At a special public lecture series to celebrate the twentieth year of Northumbria University’s institutional upgrade, Talbot addressed an audience who dared brave the snow-furred streets of Newcastle to hear him speak about Grandville and the Anthropomorphic Tradition in comic books. Armed with nothing more than a beautifully designed slide show decorated with the aesthetics of comic books both old and new, Talbot invited us to join him on a ‘magical mystery tour’ across a history that extends across several centuries and features innumerable cultures and traditions. With panache and erudition, Bryan regaled the crowd for almost an hour without notes or prompts and one thing becomes inordinately clear: Talbot knows his subject, inside and out and performs the role of historian brilliantly.
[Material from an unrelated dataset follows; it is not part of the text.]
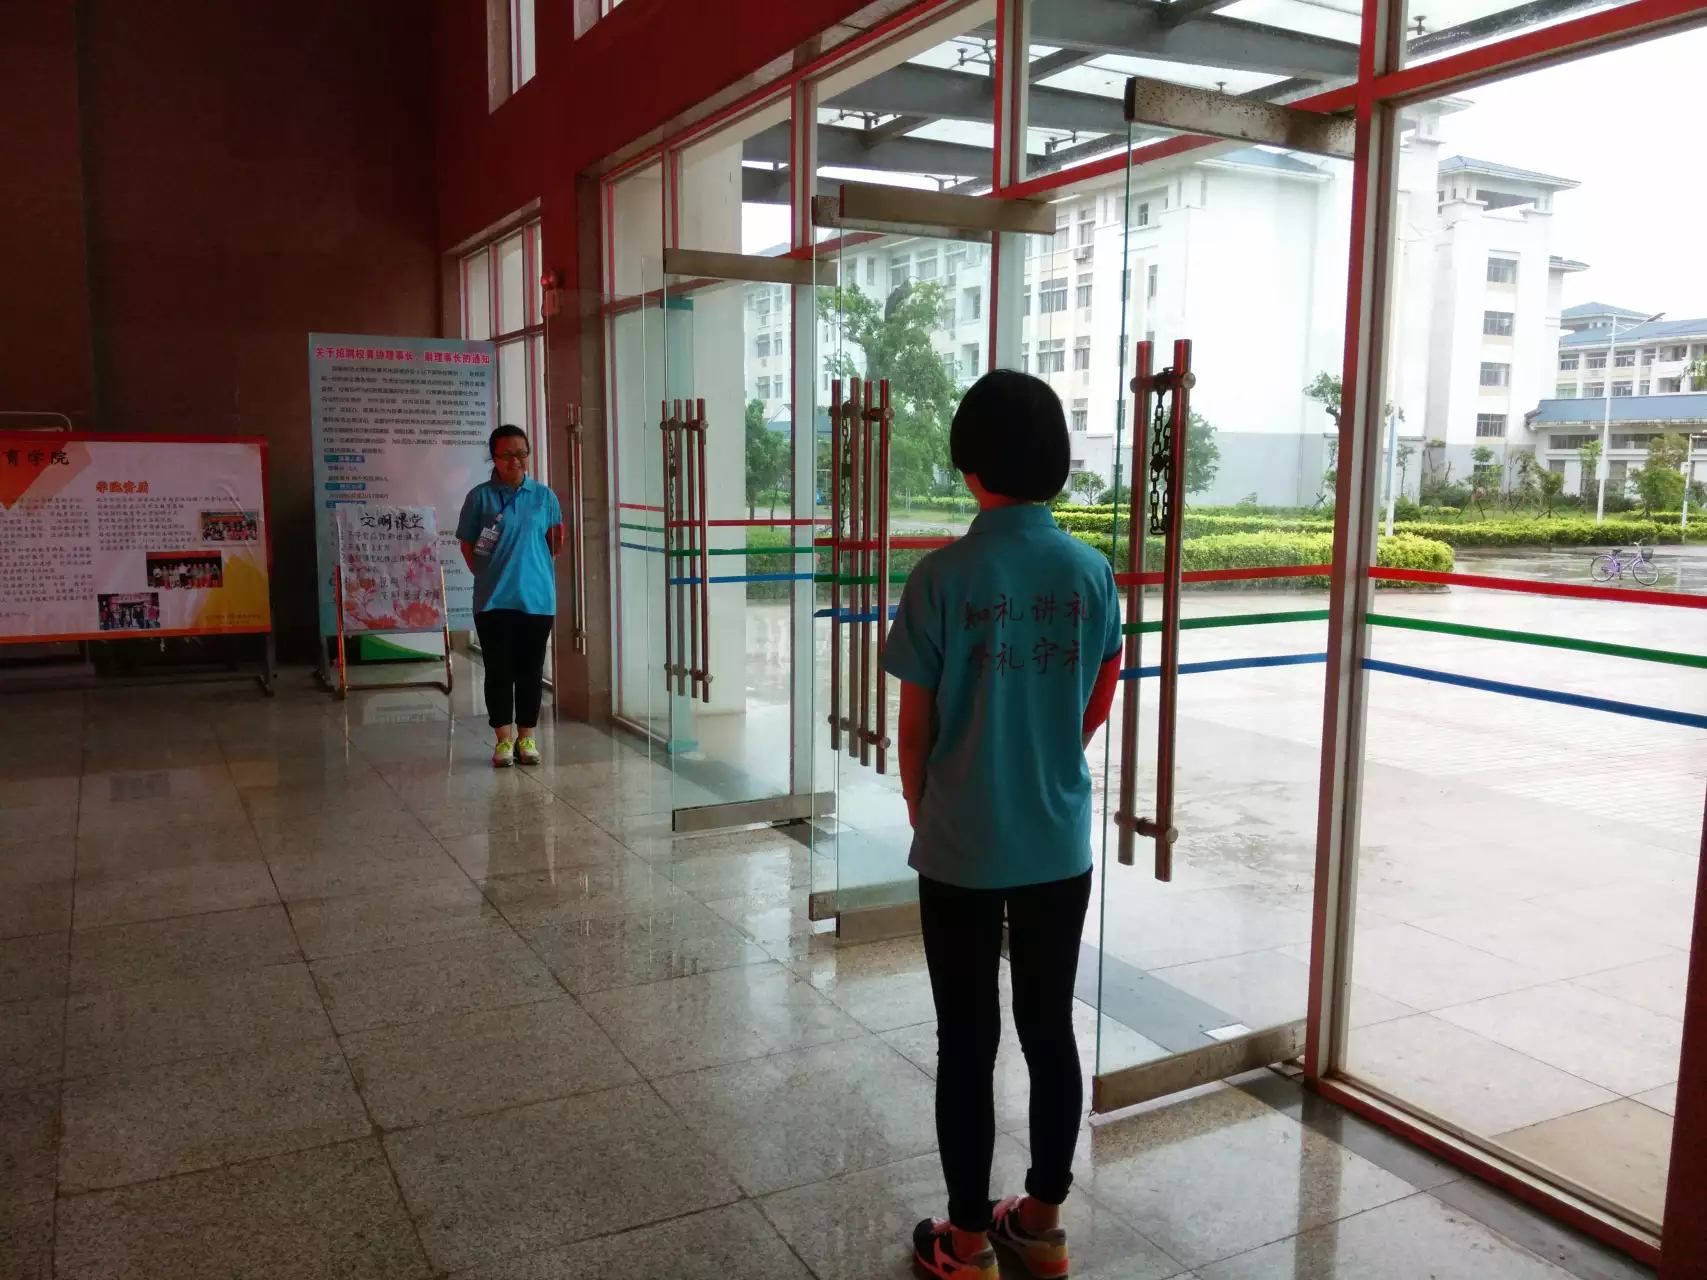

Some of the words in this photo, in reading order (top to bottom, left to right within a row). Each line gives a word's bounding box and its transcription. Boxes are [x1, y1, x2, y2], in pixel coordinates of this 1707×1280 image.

[2, 449, 70, 467] 育学院
[360, 512, 425, 531] 文明课堂
[964, 591, 1092, 630] 知礼讲礼
One only need look at the spectacular graphic novel, Alice in Sunderland to recognise Talbot’s commitment to his subject. This is a work steeped in history and lore, painstakingly so. As a life-long resident of Sunderland, I was awe-struck by the level of depth and detail in Alice that taught me so much about the place of my birth and upbringing than that which I learned at school or in local literature. But more than that, Alice changed my mind about Sunderland in many ways as something to be proud of rather than embarrassed; for within the centre of Sunderland beats a fierce heart of tradition, myth and lore that Talbot deftly unearths as archaeologist, excavating the ruins of history and expertly detailing the shifting sands of time through the medium of the comic book. Simply put, it is a remarkable tour de force of sequential storytelling and a token of Talbot’s craftsmanship and ardour.
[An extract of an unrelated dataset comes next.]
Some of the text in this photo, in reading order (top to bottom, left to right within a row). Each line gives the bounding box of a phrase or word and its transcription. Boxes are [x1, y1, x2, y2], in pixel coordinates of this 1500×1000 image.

Employing what can only be described as an arduous research method, Talbot immersed himself in anthropomorphic history when preparing the first Grandville story. ‘There is nothing new about anthropomorphic characters,’ claims Talbot and offers examples to illustrate this: a 750,000 year-old cave painting in France depicting anthropomorphism; religious figures such as Ganesh, the Hindu Elephant God and the Greek God Zeus all possess animal characteristics (although Zeus turned into an animal to ‘get laid’ argues Talbot with a wry smile and his tongue rooted firmly in his cheek). In Ancient Egypt, Anubis (Jackal), and Horus (Falcon), for instance, are often depicted in art as human with animal heads; the Old Testament shows us an anthropomorphic snake in the Garden of Eden; and in West African and Caribbean folklore, the trickster God Anansi takes the form of a spider – and, in turn, influenced the Western version of Br’er Rabbit as African stories entered the American culture by way of the so-called slave trade. (Moreover, the ‘trickster Rabbit’ and the ‘trickster Coyote’ could very well be the archetypes behind such icons of popular Western culture such as Bugs Bunny and Wile E. Coyote of the Road Runner cartoons.)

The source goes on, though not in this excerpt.